YOUR OBJECTIVE ▸
Starting at the line that contains "Some of the text", set down each line exactly until the records end, keeping both ends and adding nothing.

-- RECORDS FOR THE TASK follows --

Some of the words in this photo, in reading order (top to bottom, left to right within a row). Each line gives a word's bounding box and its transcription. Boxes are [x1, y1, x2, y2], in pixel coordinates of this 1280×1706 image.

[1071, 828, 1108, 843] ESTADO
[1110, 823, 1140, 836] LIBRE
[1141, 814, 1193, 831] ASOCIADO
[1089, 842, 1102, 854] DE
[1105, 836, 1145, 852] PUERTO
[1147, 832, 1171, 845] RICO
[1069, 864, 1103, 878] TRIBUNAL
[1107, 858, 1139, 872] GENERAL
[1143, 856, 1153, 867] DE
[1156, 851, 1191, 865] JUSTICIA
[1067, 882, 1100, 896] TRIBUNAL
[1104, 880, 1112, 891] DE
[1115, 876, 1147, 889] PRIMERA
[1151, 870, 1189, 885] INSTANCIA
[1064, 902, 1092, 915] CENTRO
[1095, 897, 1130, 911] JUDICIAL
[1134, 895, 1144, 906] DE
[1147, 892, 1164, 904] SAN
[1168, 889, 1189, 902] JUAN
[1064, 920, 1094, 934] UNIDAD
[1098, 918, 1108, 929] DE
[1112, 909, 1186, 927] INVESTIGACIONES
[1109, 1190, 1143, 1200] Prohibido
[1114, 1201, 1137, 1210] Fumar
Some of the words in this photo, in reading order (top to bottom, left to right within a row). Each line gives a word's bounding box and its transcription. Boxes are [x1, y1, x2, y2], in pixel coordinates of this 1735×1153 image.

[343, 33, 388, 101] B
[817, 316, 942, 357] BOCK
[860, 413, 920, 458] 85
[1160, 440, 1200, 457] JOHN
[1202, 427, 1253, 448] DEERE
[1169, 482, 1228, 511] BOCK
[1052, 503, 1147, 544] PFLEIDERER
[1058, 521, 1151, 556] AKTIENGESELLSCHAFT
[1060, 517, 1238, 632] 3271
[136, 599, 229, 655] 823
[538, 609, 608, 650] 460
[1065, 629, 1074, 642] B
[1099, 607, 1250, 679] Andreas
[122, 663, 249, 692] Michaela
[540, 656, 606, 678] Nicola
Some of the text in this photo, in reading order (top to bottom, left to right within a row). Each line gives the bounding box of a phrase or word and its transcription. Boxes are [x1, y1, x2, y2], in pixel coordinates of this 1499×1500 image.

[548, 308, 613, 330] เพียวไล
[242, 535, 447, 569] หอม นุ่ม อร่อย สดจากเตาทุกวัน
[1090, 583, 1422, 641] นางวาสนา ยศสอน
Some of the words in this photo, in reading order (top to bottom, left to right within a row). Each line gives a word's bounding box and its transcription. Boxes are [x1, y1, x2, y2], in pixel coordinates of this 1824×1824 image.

-- RECORDS FOR THE TASK concluded --

REPLY ▸
Some of the text in this photo, in reading order (top to bottom, left to right within a row). Each line gives the bounding box of a phrase or word and its transcription. Boxes are [x1, y1, x2, y2], in pixel coordinates of this 1499×1500 image.

[548, 308, 613, 330] เพียวไล
[242, 535, 447, 569] หอม นุ่ม อร่อย สดจากเตาทุกวัน
[1090, 583, 1422, 641] นางวาสนา ยศสอน
Some of the words in this photo, in reading order (top to bottom, left to right within a row). Each line gives a word's bounding box and its transcription. Boxes are [x1, y1, x2, y2], in pixel coordinates of this 1824×1824 image.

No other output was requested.